Diversas Administraciones han puesto en práctica programas de Compra Pública Ética, que introducen criterios sociales, medioambientales y éticos en los contratos públicos -no sólo en compras concretas- de obras, suministros y servicios. En España, la contratación de la Administración pública mueve entre un 16% y un 18% del PIB.
Barcelona, pionera
Laura Rodríguez, responsable del programa de Compra Pública Ética de Iniciativas de Economía Alternativa y Solidaria (IDEAS), explica que la "pionera" fue la Universidad Autónoma de Barcelona, ya que en 1999 obligó a la inserción de café de comercio justo (CJ) en el contrato de cesión de máquinas de vending en las facultades.
Cinco años después, la medida empezó a popularizarse. Desde 2004, los uniformes del personal de Parques y Jardines del Ayuntamiento de Barcelona se elaboran respetando los derechos básicos demandados por la Organización Internacional del Trabajo, y el café es de CJ en las áreas del ayuntamiento que así lo soliciten. El precio es cinco céntimos más caro, pero a finales de 2006 ya había 102 máquinas adaptadas.
Lo mismo ocurre en el Senado, La Moncloa y el Congreso, donde se puede tomar un café solidario por 85 céntimos, 10 más que el normal. Zapatero, sin embargo, escogió el más barato para invitar a los periodistas tras su famosa respuesta en televisión.
Más casos: las camisetas que el Ayuntamiento de Madrid encargó para promover la candidatura olímpica eran de CJ; las cestas de Navidad del área de cooperación del consistorio de Bilbao incluyen dos productos de CJ; y los voluntarios ambientales de la Junta de Andalucía llevan camisetas de algodón ecológico.
Retraso
Las áreas que optan por esta alternativa solidaria suelen ser las mismas: medio ambiente, cooperación... "Son las que incorporan criterios responsables de contratación porque están más concienciadas desde el punto de vista social y de desarrollo sostenible", señala Rodríguez.
Aún así, desde la Coordinadora Estatal de Comercio Justo puntualizan que en España hay un "cierto retraso en relación con otros países europeos", sobre todo Alemania, Reino Unido e Italia.

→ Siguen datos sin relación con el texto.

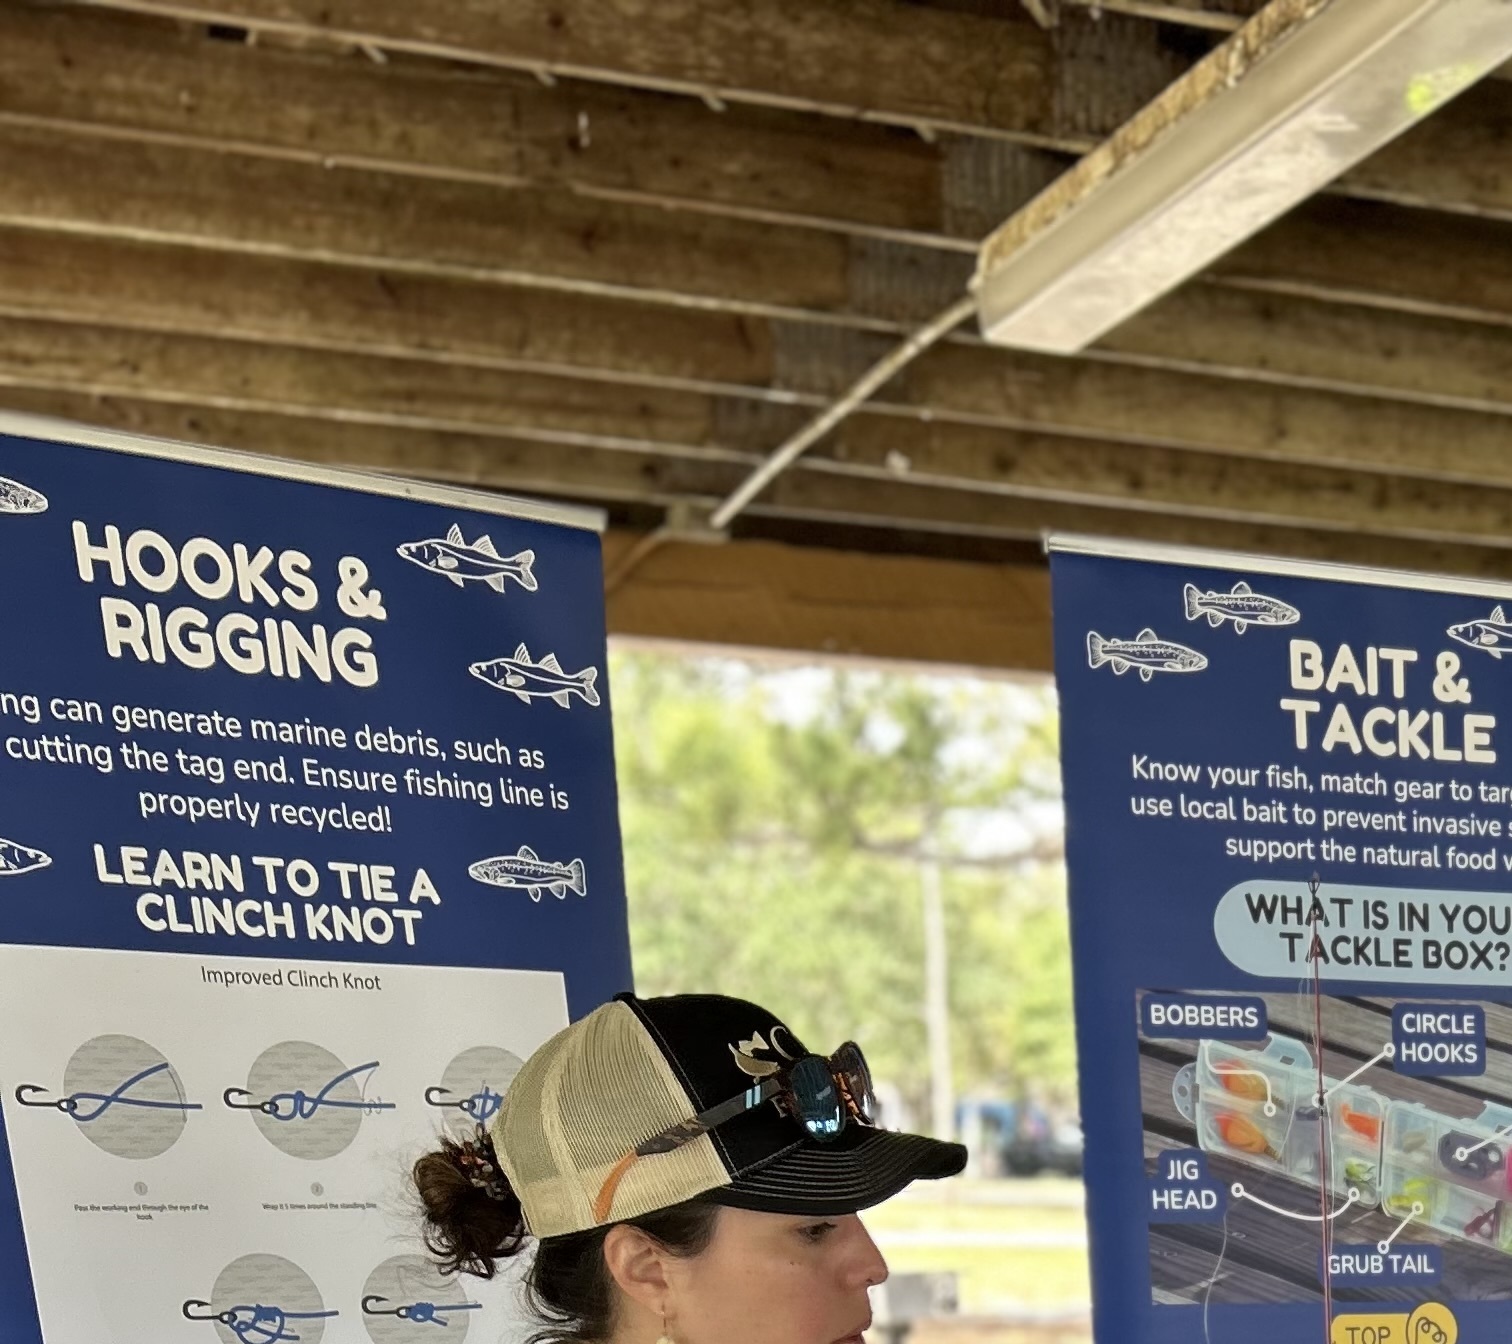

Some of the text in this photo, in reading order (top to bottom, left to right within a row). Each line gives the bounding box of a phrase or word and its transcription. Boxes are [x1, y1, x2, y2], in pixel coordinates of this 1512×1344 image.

En esta última, más de 14.000 estudiantes comen plátanos y chocolatinas ecológicas en el comedor del colegio; y las Administraciones de Utrecht y Zuid Holland (Países Bajos) no sólo han incorporado café de comercio justo, sino que han logrado rebajar el precio.
La futura ley de contratos públicos
El proyecto de ley de Contratos en el Sector Público, que comenzó a tramitarse en septiembre de 2006, incluye en su Exposición de Motivos una referencia al CJ. Sin embargo, la Coordinadora Estatal de Comercio Justo (CECJ) defiende que la alusión al término no aparezca sólo en el preámbulo como una declaración de intenciones, sino que se traslade al articulado. Además, la CECJ reclama una descripción clara del concepto de CJ, con el objetivo de evitar abusos con estándares menos exigentes.